In applying those criteria to specific portions of the manual, which was compiled for law enforcement purposes, the Court found that:
"Chapter V of the Special Prosecutor's Manual provides a graphic illustration of the confidential techniques used in a successful nursing home prosecution. None of those procedures are 'routine' in the sense of fingerprinting or ballistic tests (see Senate Report No. 93-1200, 93 Cong 2d Sess ). Rather, they constitute detailed, specialized methods of conducting an investigation into the activities of a specialized industry in which voluntary compliance with the law has been less then exemplary.
"Disclosure of the techniques enumerated in those pages would enable an operator to tailor his activities in such a way as to significantly diminish the likelihood of a successful prosecution. The information detailed on pages 481 and 482 of the manual, on the other hand, is merely a recitation of the obvious: that auditors should pay particular attention to requests by nursing homes for Medicaid reimbursement rate increases based upon projected increase in cost. As this is simply a routine technique that would be used in any audit, there is no reason why these pages should not be disclosed" (id. at 573).
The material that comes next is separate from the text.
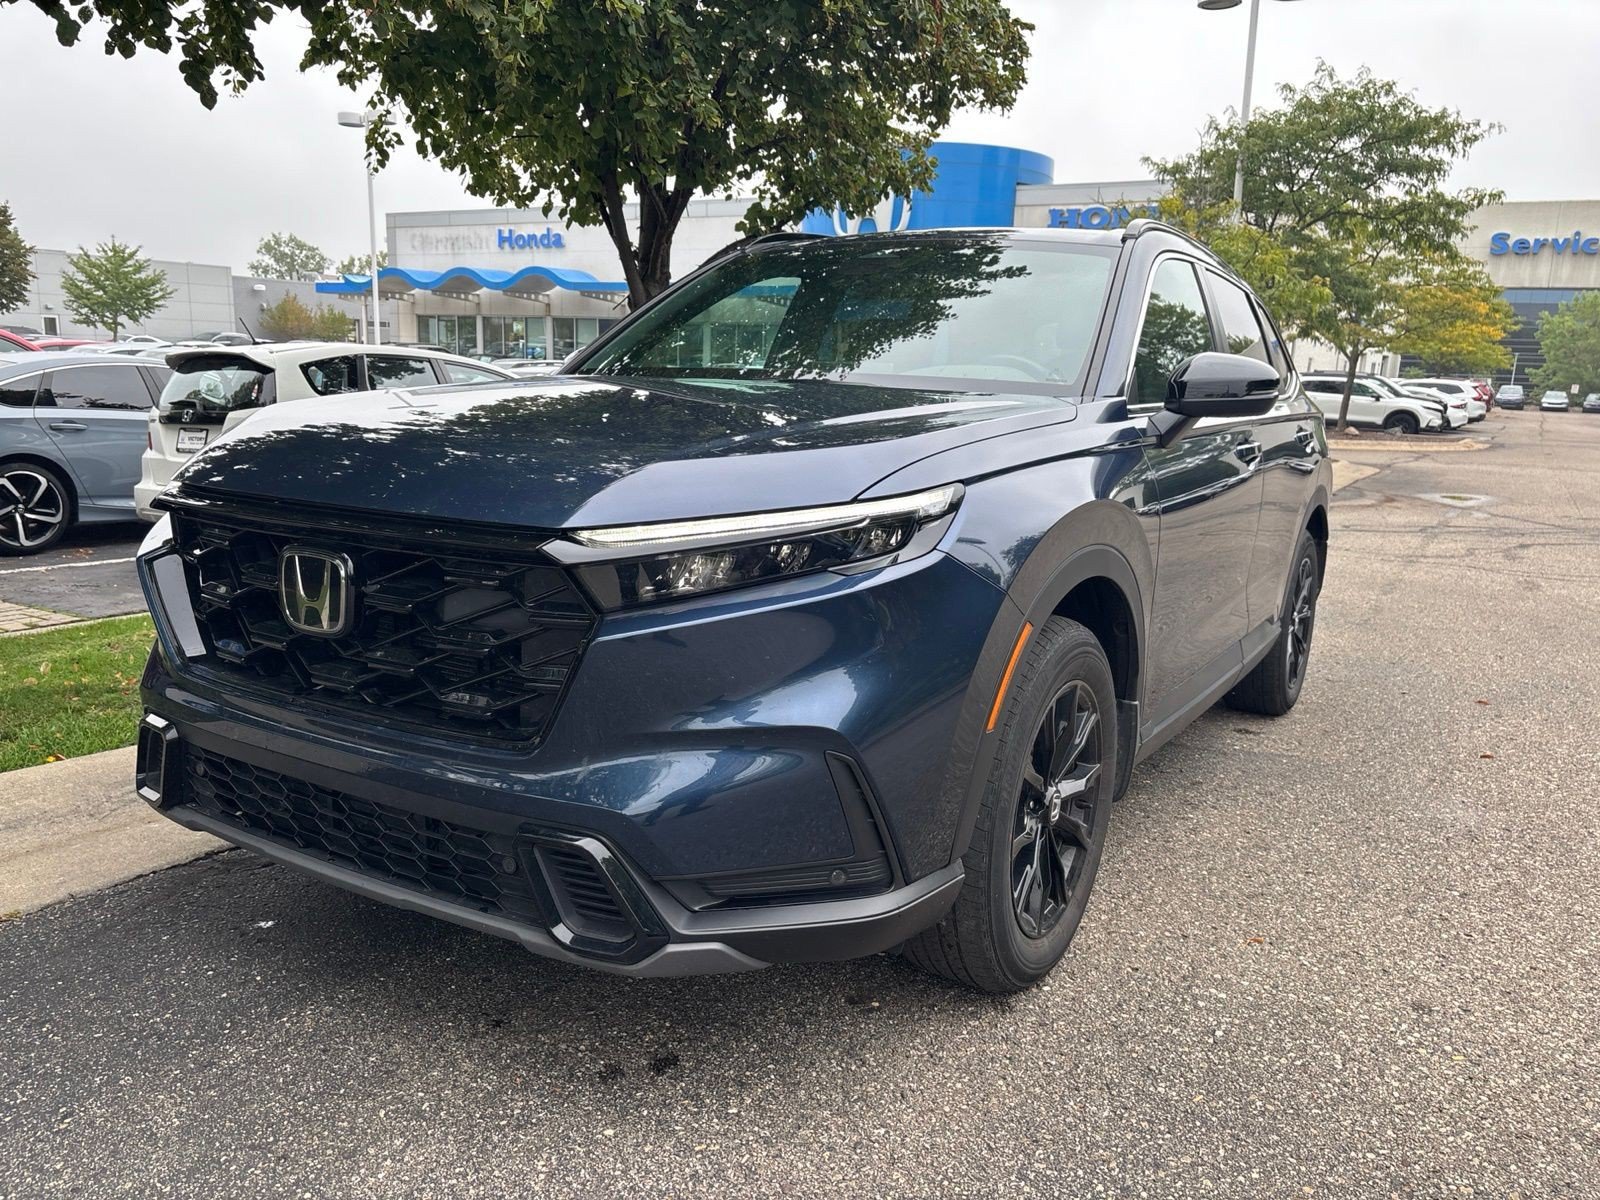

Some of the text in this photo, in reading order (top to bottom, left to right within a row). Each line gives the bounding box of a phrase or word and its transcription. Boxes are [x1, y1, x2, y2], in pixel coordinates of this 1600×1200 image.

[1048, 205, 1161, 229] HON
[497, 227, 565, 249] Honda
[1489, 231, 1600, 255] Servic
As the Court of Appeals has suggested, to the extent that the records in question include descriptions of investigative techniques which if disclosed would enable potential lawbreakers to evade detection or endanger the lives or safety of law enforcement personnel or others [see also, Freedom of Information Law, §87(2)(f)], a denial of access would be appropriate. I would conjecture, however, that not all of the investigative techniques or procedures contained in the records sought incident and the ensuing investigation could be characterized as "non-routine", and that it is unlikely that disclosure of each aspect of the records would result in the harmful effects of disclosure described above.
The other provision that may be pertinent as a basis for denial is §87(2)(f). Again, that provision permits an agency to withhold records insofar as disclosure "would endanger the life or safety of any person." If, for example, disclosure of an instruction to staff or policy would jeopardize the lives or safety of public employees or others, the cited provision might be applicable.
I hope that I have been of assistance.